Electrical stimulation of the midbrain increases heart rate and arterial blood pressure in awake humans.
Thornton JM., Aziz T., Schlugman D., Paterson DJ.
Electrical stimulation of the hypothalamus, basal ganglia or pedunculopontine nucleus in decorticate animals results in locomotion and a cardiorespiratory response resembling that seen during exercise. This has led to the hypothesis that parallel activation of cardiorespiratory and locomotor systems from the midbrain could form part of the 'central command' mechanism of exercise. However, the degree to which subcortical structures play a role in cardiovascular activation in awake humans has not been established. We studied the effects on heart rate (HR) and mean arterial blood pressure (MAP) of electrically stimulating the thalamus and basal ganglia in awake humans undergoing neurosurgery for movement disorders (n = 13 Parkinson's disease, n = 1 myoclonic dystonia, n = 1 spasmodic torticollis). HR and MAP increased during high frequency (> 90 Hz) electrical stimulation of the thalamus (HR 5 +/- 3 beats min(-1), P = 0.002, MAP 4 +/- 3 mmHg, P = 0.05, n = 9), subthalamic nucleus (HR 5 +/- 3 beats min(-1), P = 0.002, MAP 5 +/- 3 mmHg, P = 0.006, n = 8) or substantia nigra (HR 6 +/- 3 beats min(-1), P = 0.001, MAP 5 +/- 2 mmHg, P = 0.005, n = 8). This was accompanied by the facilitation of movement, but without the movement itself.
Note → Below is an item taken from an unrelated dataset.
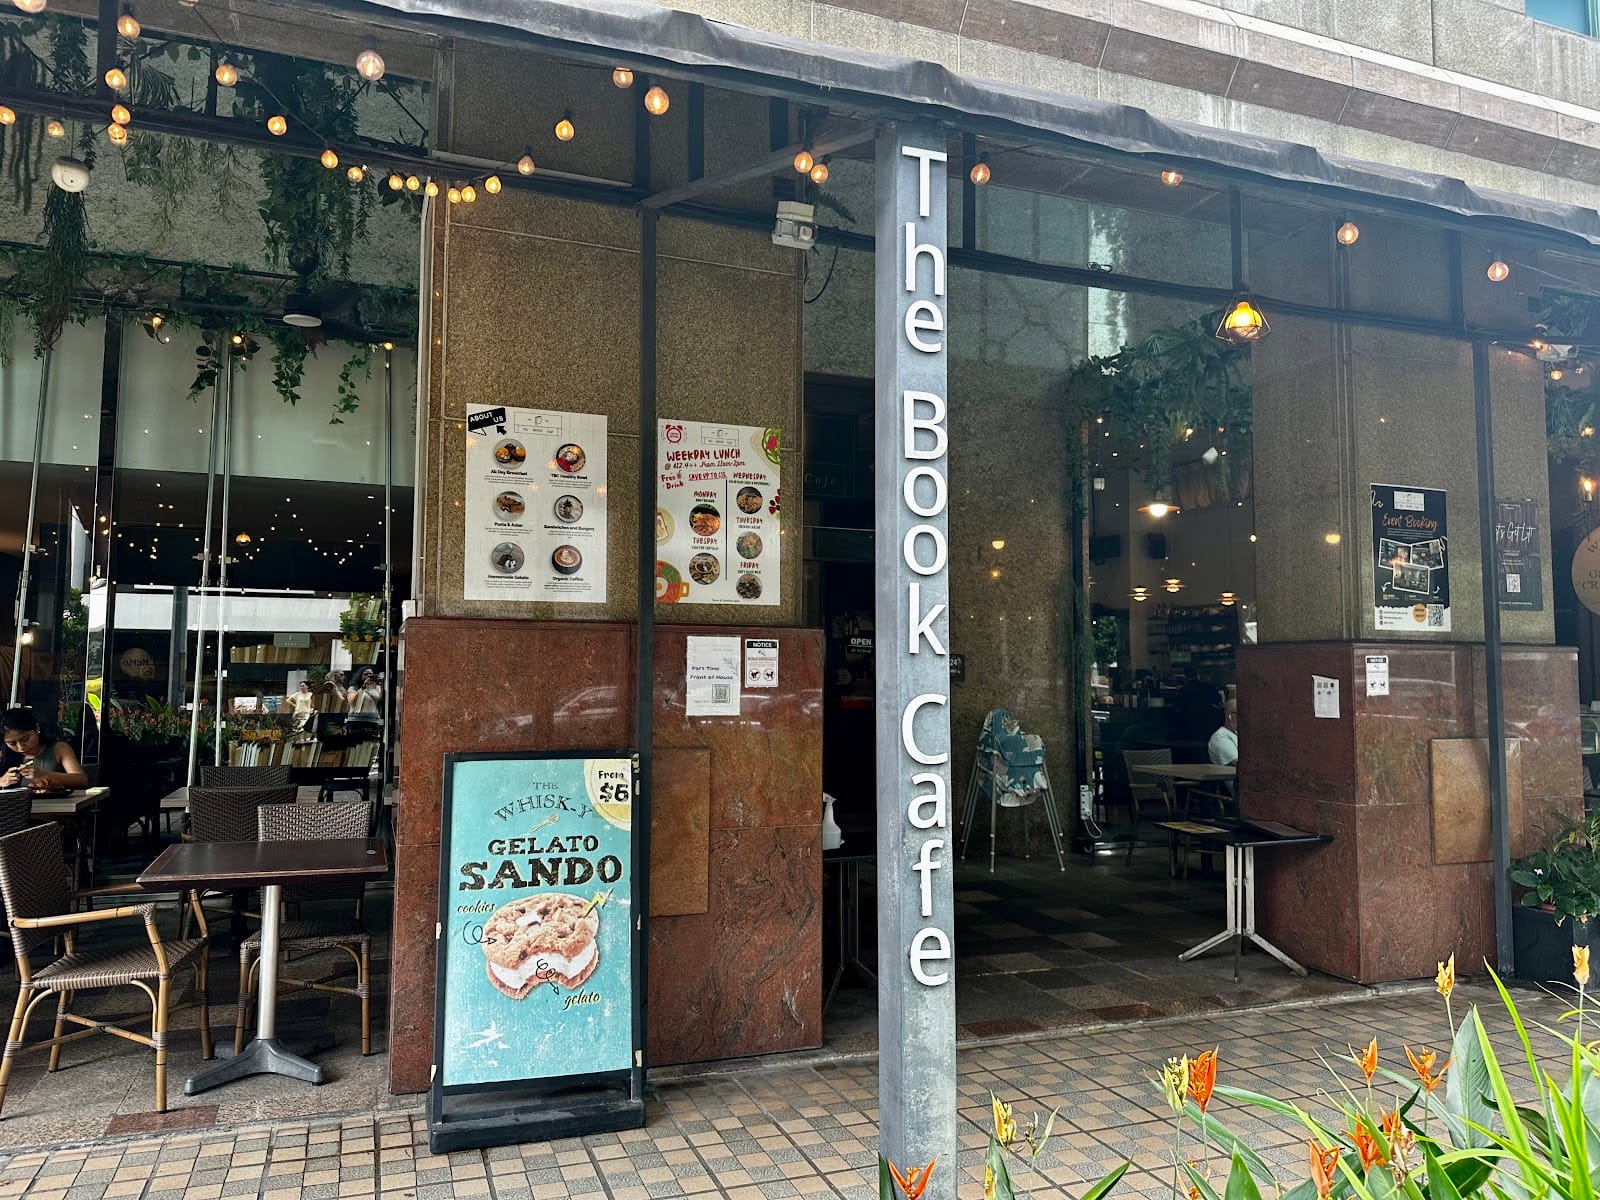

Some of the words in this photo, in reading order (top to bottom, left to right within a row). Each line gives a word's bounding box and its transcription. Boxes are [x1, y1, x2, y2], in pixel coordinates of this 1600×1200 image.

Stimulation of the internal globus pallidus did not increase cardiovascular variables but did facilitate movement. Low frequency (< 20 Hz) stimulation of any site did not affect cardiovascular variables or movement. Electrical stimulation of the midbrain in awake humans can cause a modest increase in cardiovascular variables that is not dependent on movement feedback from exercising muscles. The relationship between this type of response and that occurring during actual exercise is unclear, but it indicates that subcortical command could be involved in 'parallel activation' of the locomotor and cardiovascular systems and thus contribute to the neurocircuitry of 'central command'.